In the case of Content Manager Express, according to Jeff Schick, IBM
content management division director of worldwide sales, it meant making
the installation process easier while still keeping a majority of the
software inside.
“What we were looking at was easier installation, fewer CDs and lower
admin costs,” he said, “because it does not have the full-blown
hierarchical storage management as part of the overall management
solution set, and there’s some basic differences in the way the system
stores objects versus the full-blown CM product.”
IBM plans to sell the CM Express server for $9,375 and $1,063 per
concurrent user, plus 12 months of maintenance.

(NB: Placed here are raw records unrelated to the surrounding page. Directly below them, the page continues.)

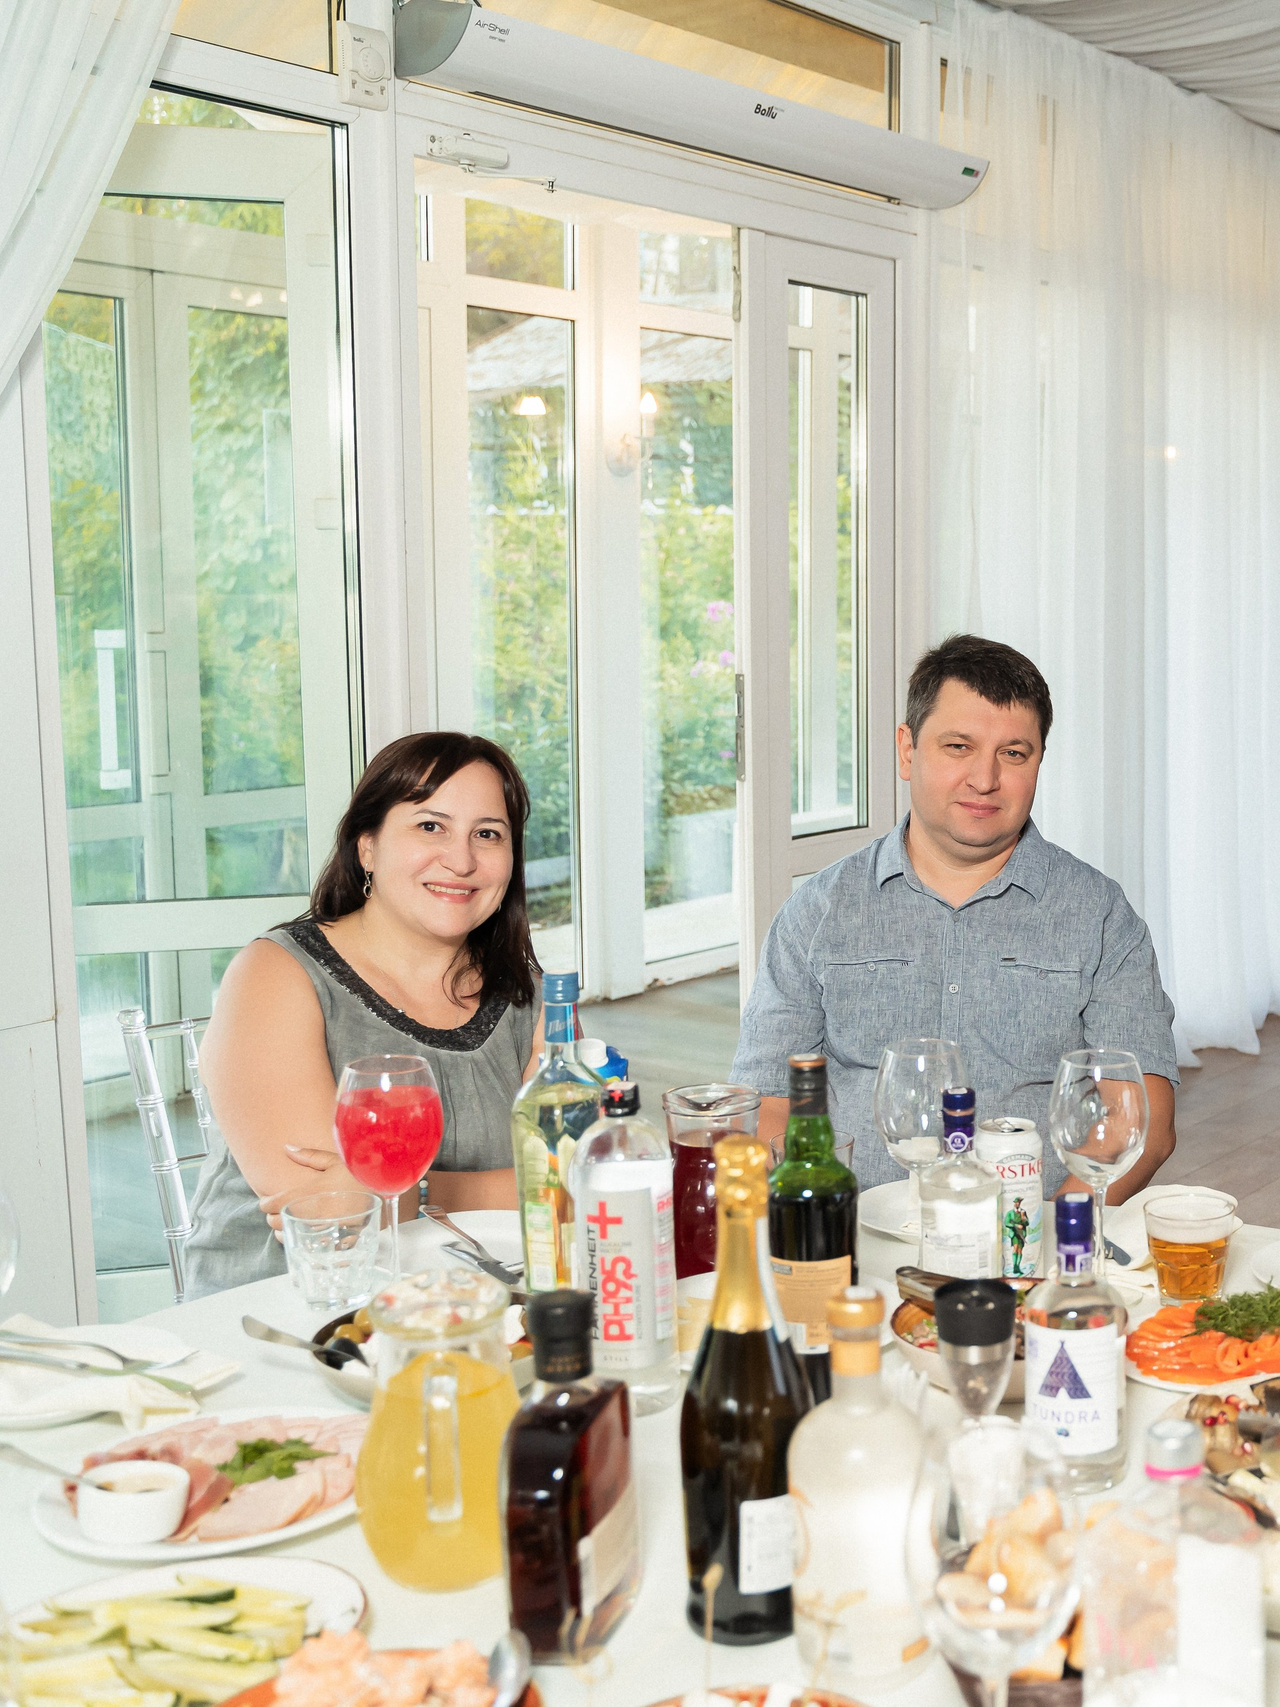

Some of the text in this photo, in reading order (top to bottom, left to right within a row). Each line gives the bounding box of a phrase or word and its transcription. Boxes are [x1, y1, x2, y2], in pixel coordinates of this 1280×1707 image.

[474, 19, 511, 36] AirShell
[754, 103, 778, 120] Ballu
[1032, 1403, 1102, 1425] TUNDRA
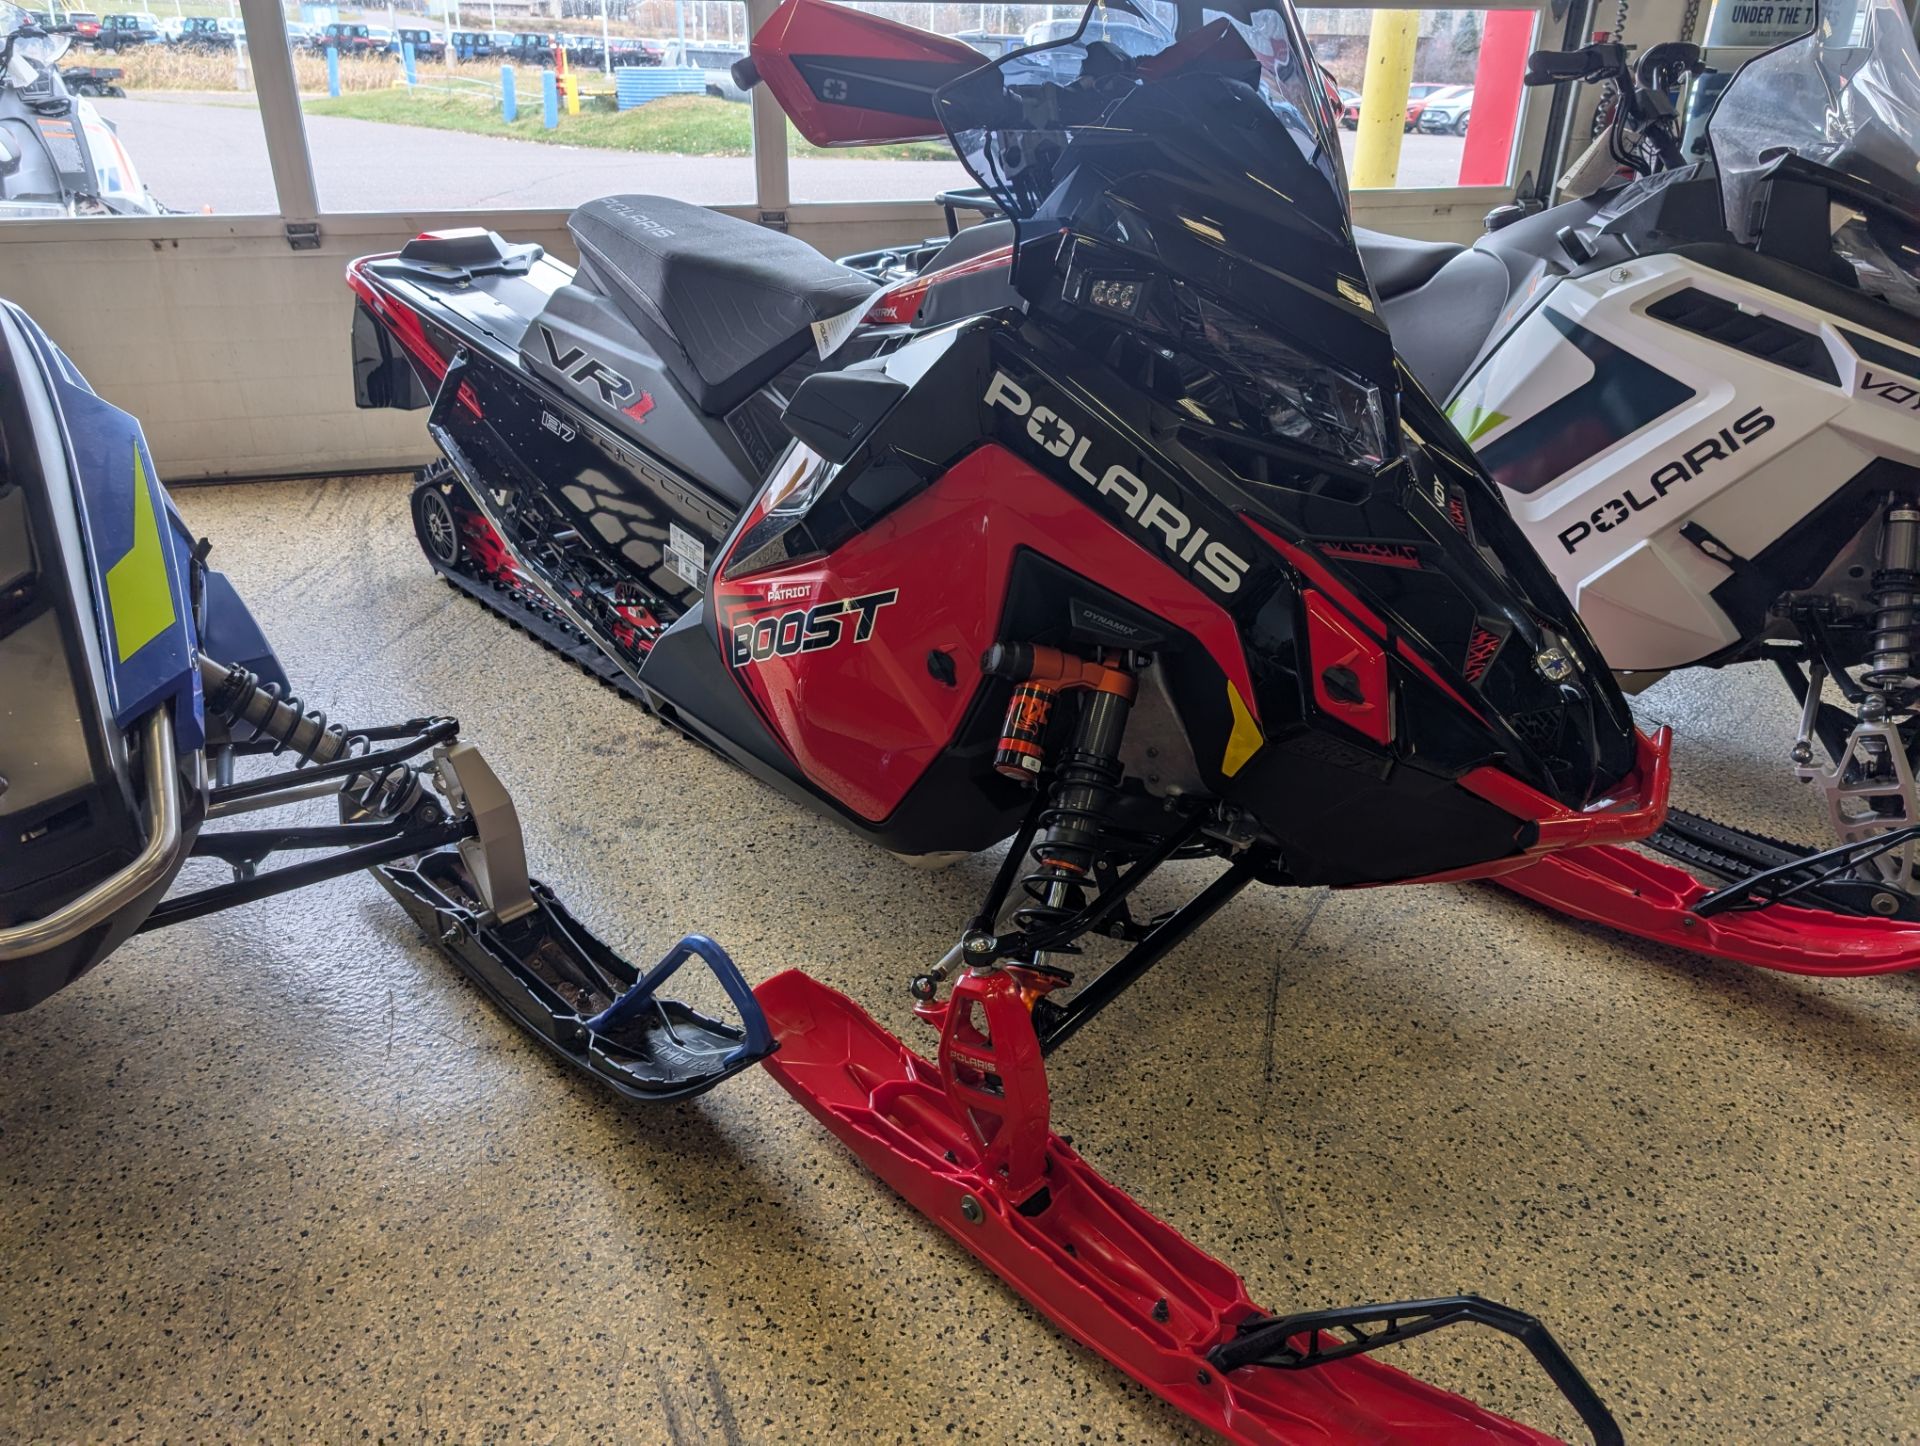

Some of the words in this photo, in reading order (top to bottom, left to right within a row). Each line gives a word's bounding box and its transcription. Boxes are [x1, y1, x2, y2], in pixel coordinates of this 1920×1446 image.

[1732, 5, 1773, 24] UNDER
[1778, 6, 1802, 24] THE
[601, 198, 676, 238] POLARIS
[539, 323, 656, 425] VR1
[983, 370, 1250, 594] POLARIS
[1557, 406, 1776, 555] POLARIS
[767, 585, 812, 603] PATRIOT
[733, 587, 900, 668] BOOST
[1083, 609, 1139, 636] DYNAMIX
[950, 1050, 997, 1073] POLARIS
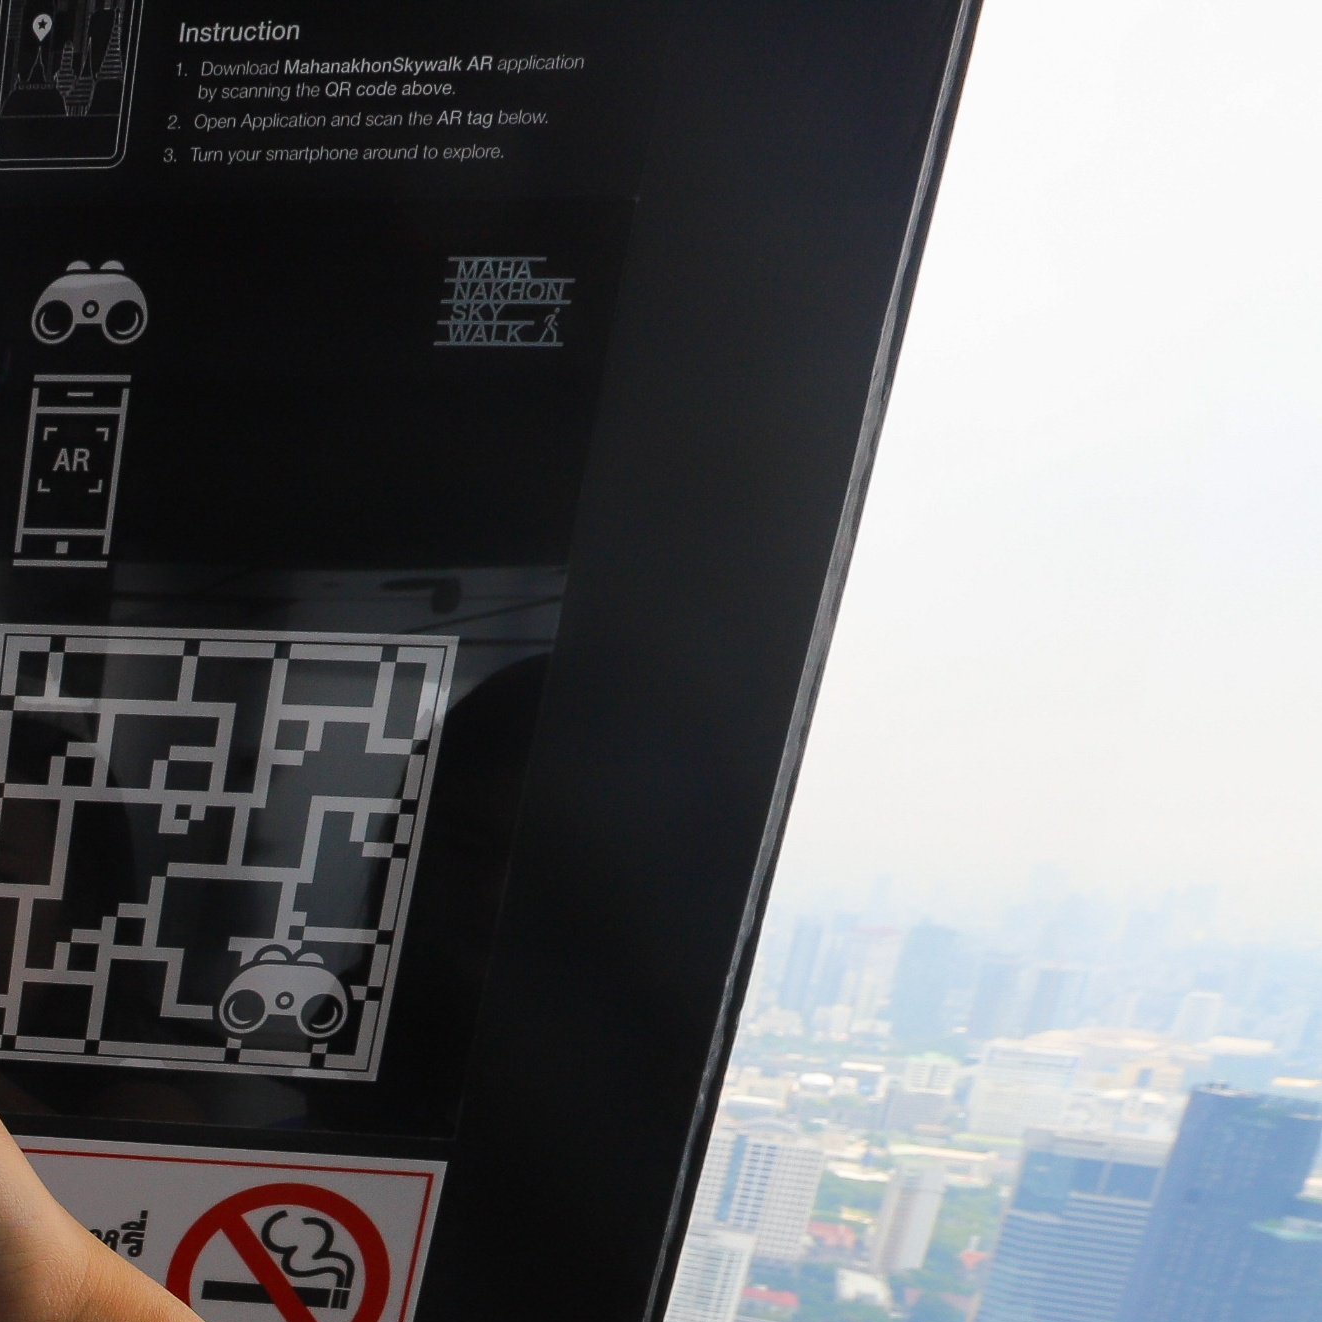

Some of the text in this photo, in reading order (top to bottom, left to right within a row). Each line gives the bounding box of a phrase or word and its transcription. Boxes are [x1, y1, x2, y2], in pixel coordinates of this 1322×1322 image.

Enterprise CM enhancements also include:
- In a nod to the growing popularity of Linux, IBM also announced the
launch of its enterprise CM product on the Red Hat, SuSE and United
Linux platforms. Price is $29,000 per server and $2,500 per concurrent
user. - The CM Adapter for WebSphere Business Integrator lets users re-use,
rather than re-create, content on the intranet or over the
Internet. - IBM updated its Records Manager with the release of version 3, as
well as usability with Lotus Domino, SAP and Exchange servers. Price:
$29,000 per server, with individual user price dependent on
platform.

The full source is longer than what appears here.